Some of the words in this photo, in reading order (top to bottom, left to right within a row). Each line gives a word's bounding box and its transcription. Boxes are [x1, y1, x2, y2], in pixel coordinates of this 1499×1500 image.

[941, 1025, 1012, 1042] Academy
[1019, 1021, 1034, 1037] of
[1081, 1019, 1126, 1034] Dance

==

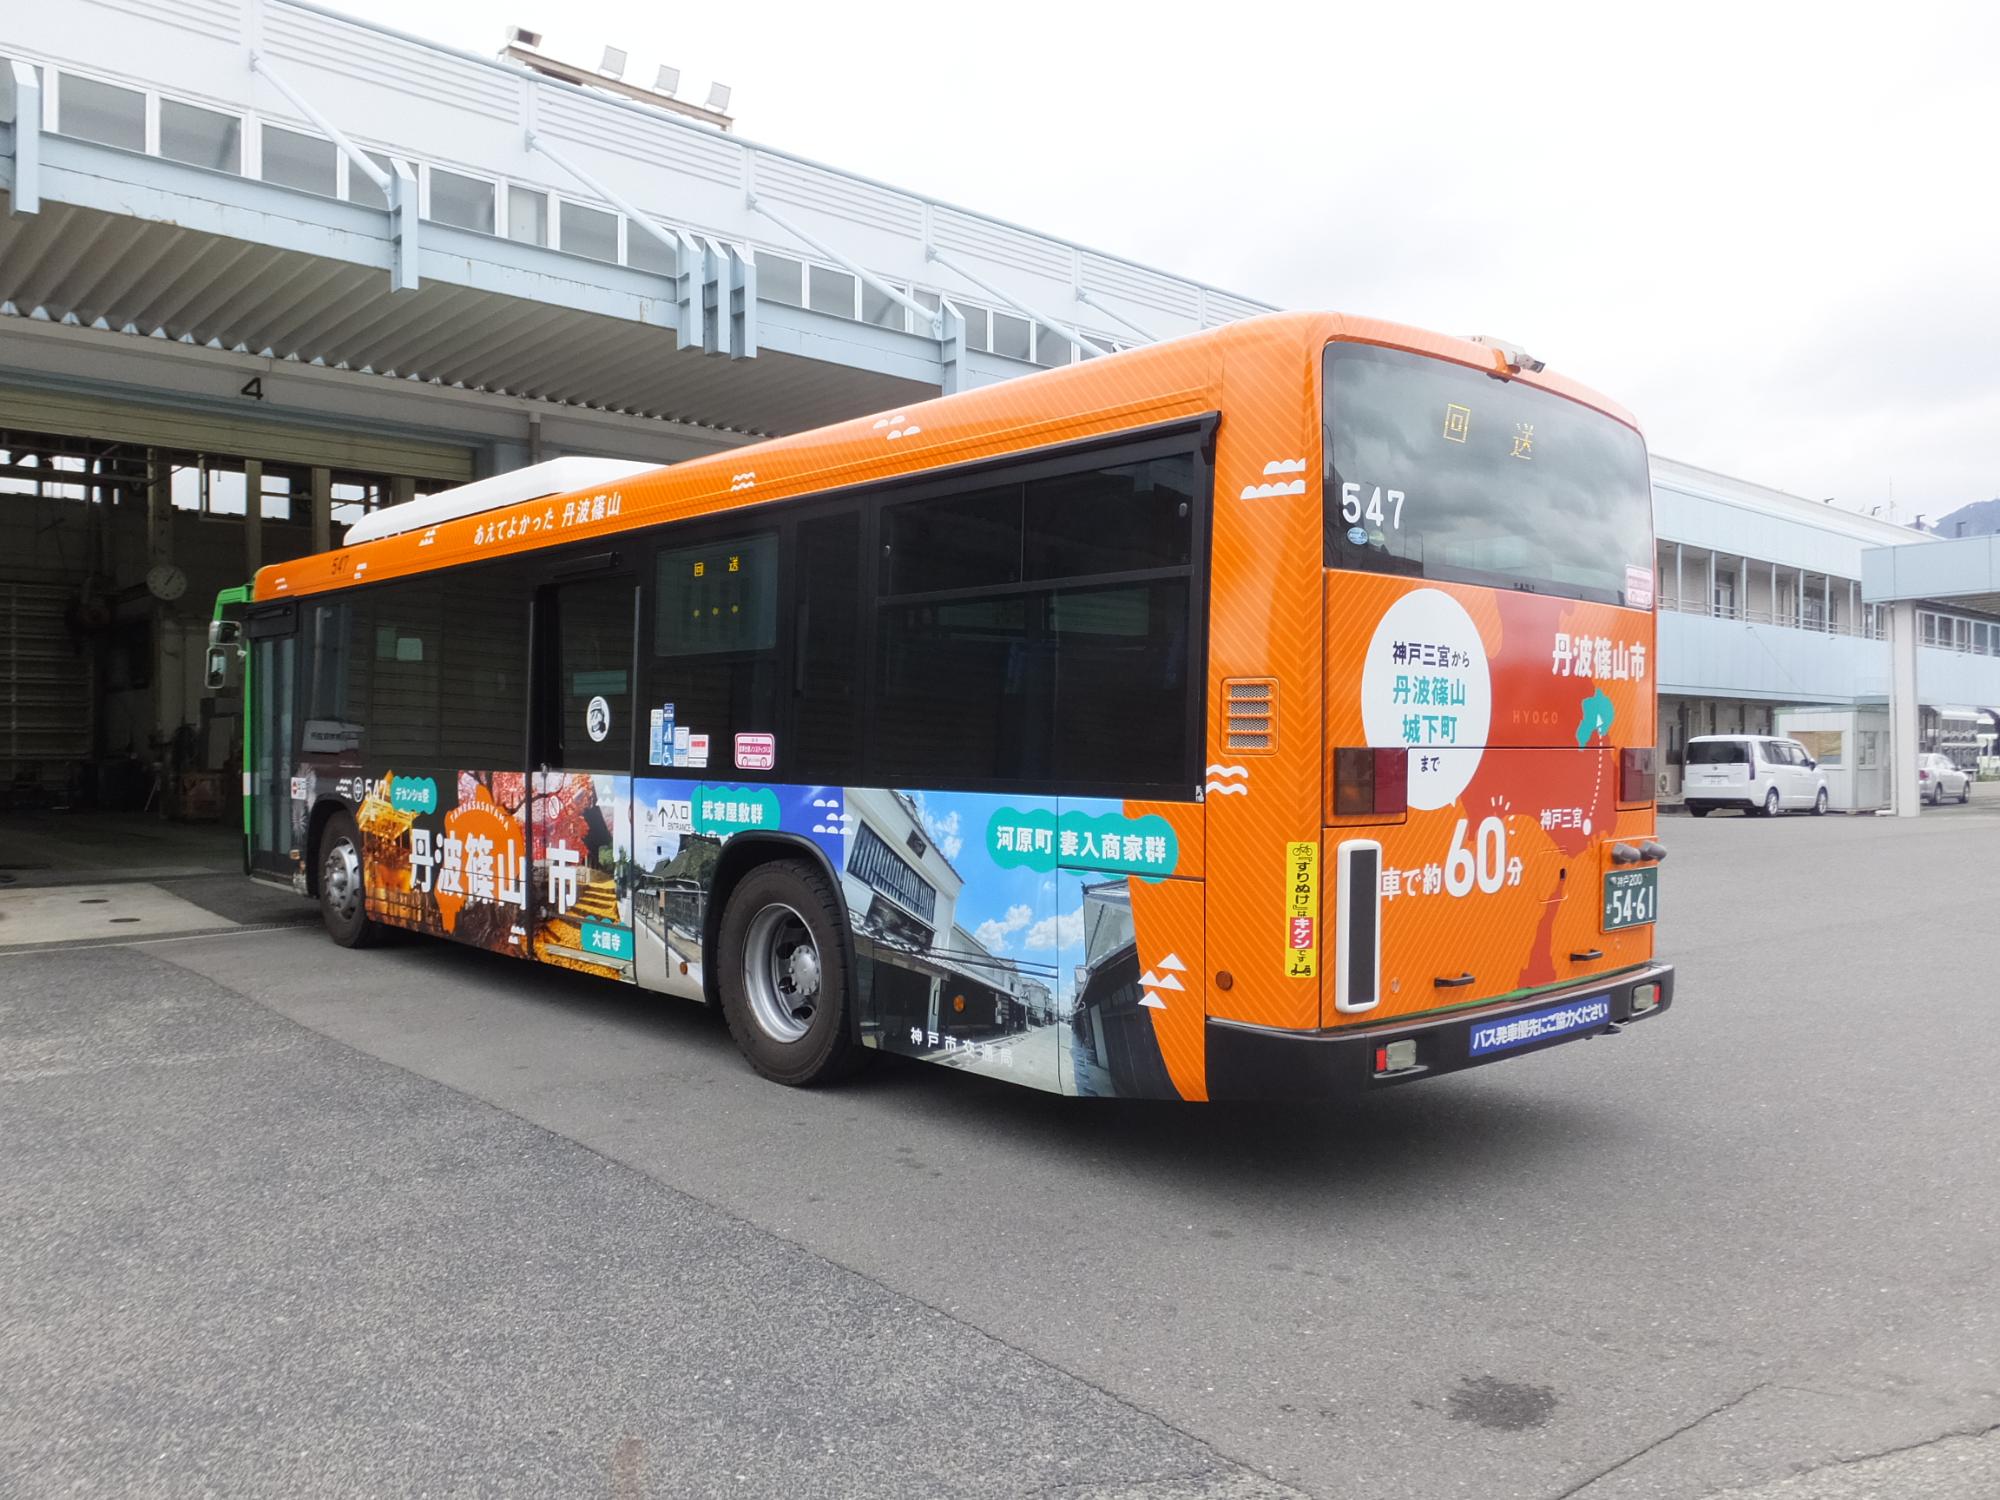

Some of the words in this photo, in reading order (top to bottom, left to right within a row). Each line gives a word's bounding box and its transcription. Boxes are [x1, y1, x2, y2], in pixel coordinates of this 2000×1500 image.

* * *

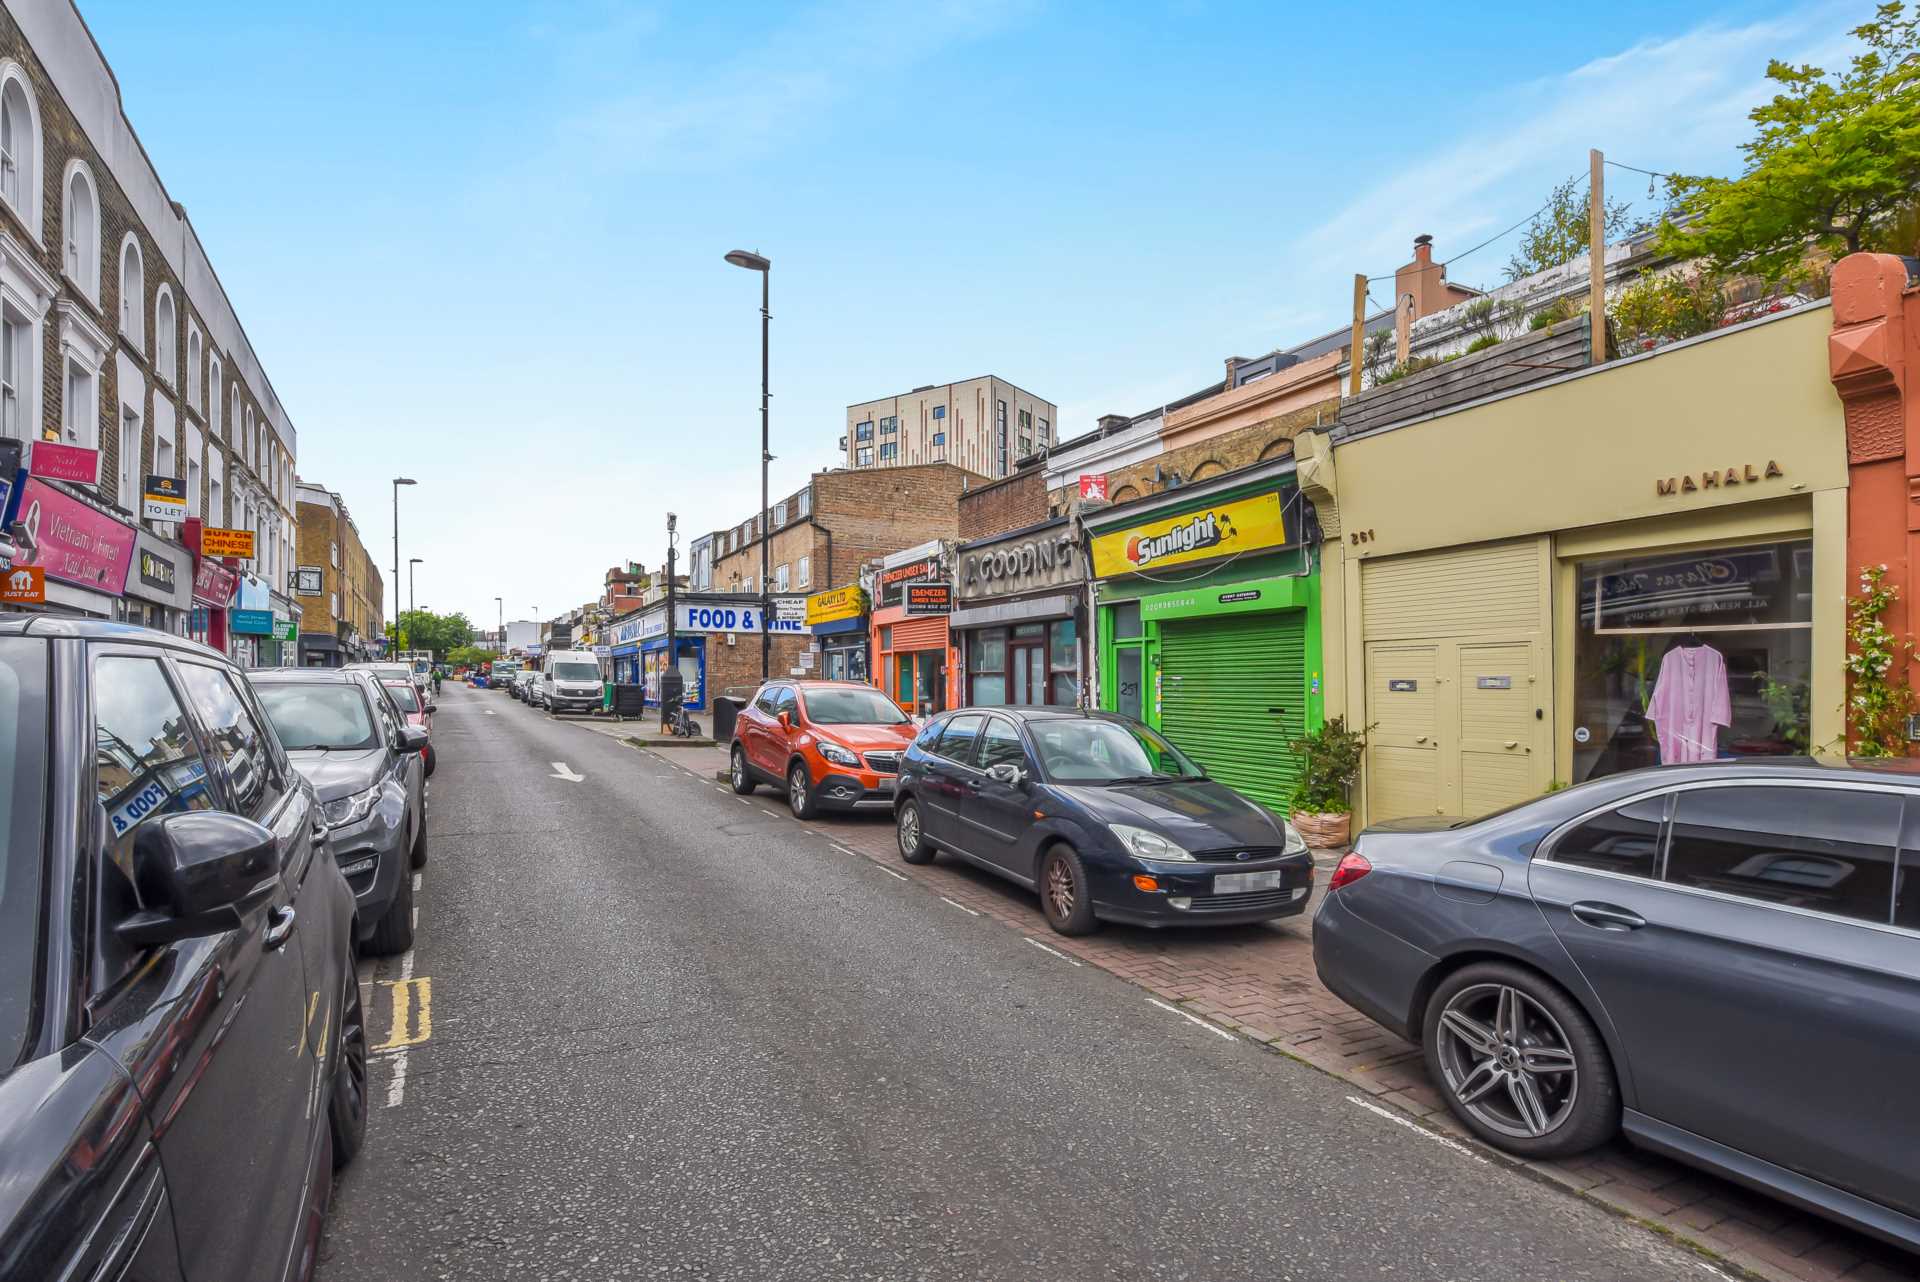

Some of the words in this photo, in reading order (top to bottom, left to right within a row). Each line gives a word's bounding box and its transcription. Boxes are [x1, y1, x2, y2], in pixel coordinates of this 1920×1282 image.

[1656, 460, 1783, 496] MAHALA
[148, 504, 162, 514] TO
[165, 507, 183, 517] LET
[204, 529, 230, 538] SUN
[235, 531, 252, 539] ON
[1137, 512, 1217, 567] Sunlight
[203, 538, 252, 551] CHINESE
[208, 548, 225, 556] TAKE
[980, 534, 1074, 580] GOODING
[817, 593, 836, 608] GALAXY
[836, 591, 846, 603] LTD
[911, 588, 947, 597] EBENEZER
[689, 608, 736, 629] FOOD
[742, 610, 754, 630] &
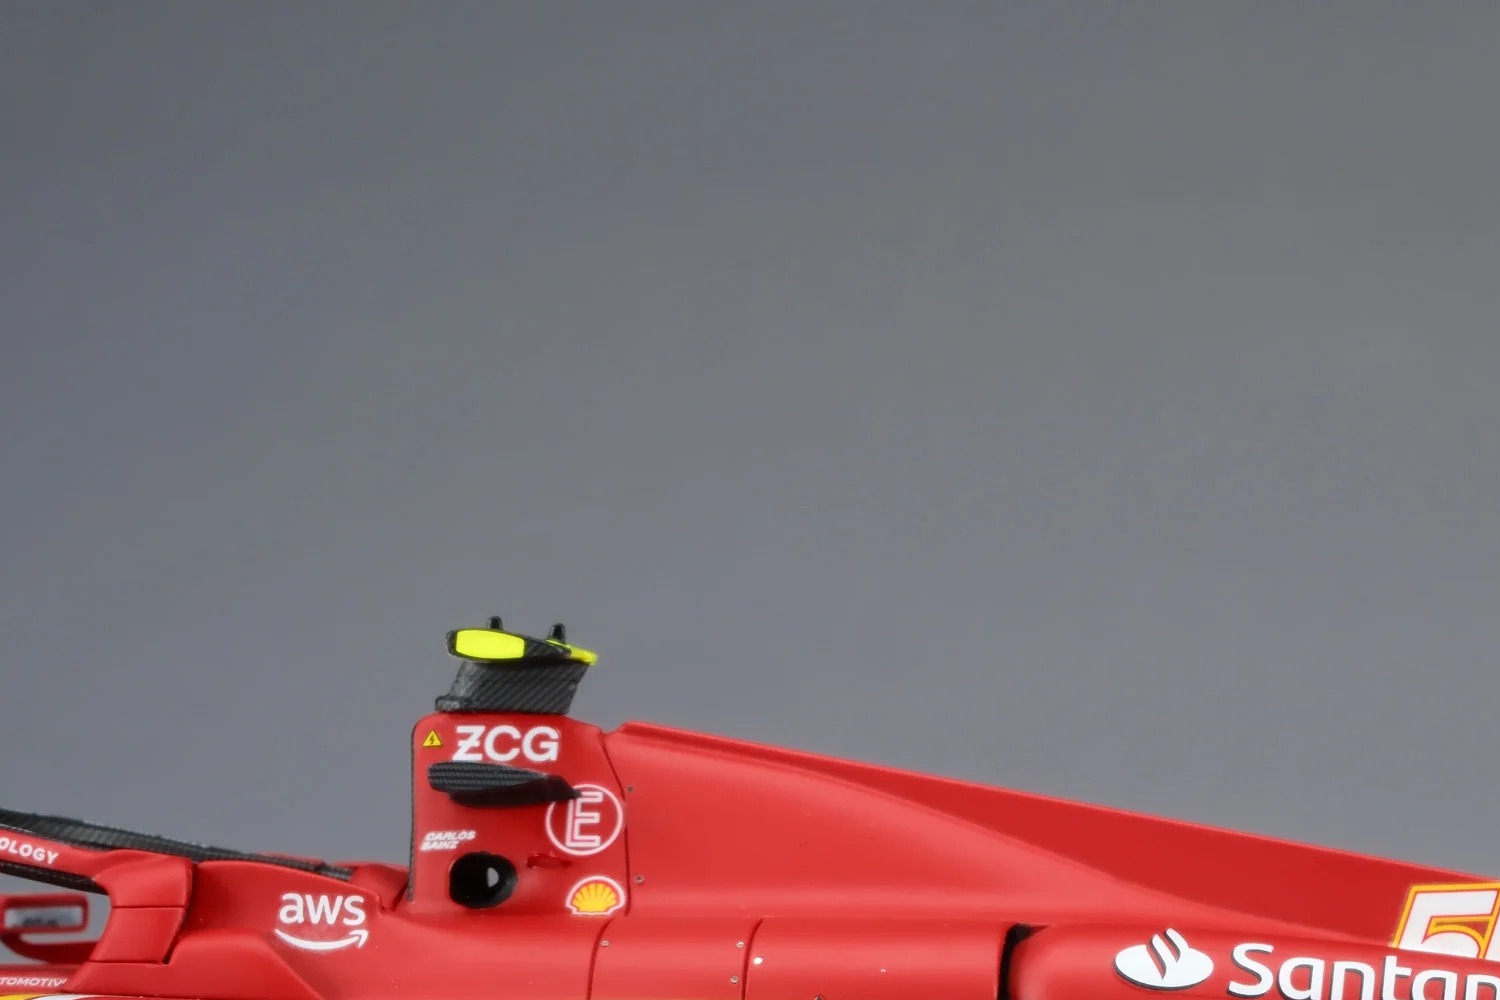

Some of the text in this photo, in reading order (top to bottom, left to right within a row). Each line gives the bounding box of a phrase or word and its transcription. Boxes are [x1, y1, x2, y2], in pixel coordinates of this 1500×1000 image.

Task to complete = Exact copy, no pictures. Write out the lines in the entries above, starting with the line with "this 1920×1282 image." and going on through the line with "Some of the text", keeping both.

Task response =
Some of the words in this photo, in reading order (top to bottom, left to right within a row). Each line gives a word's bounding box and its transcription. Boxes are [x1, y1, x2, y2], in pixel coordinates of this 1920×1282 image.

[1656, 460, 1783, 496] MAHALA
[148, 504, 162, 514] TO
[165, 507, 183, 517] LET
[204, 529, 230, 538] SUN
[235, 531, 252, 539] ON
[1137, 512, 1217, 567] Sunlight
[203, 538, 252, 551] CHINESE
[208, 548, 225, 556] TAKE
[980, 534, 1074, 580] GOODING
[817, 593, 836, 608] GALAXY
[836, 591, 846, 603] LTD
[911, 588, 947, 597] EBENEZER
[689, 608, 736, 629] FOOD
[742, 610, 754, 630] &

Some of the text in this photo, in reading order (top to bottom, left to right within a row). Each line gives the bounding box of a phrase or word and its transcription. Boxes are [x1, y1, x2, y2], in pixel coordinates of this 1500×1000 image.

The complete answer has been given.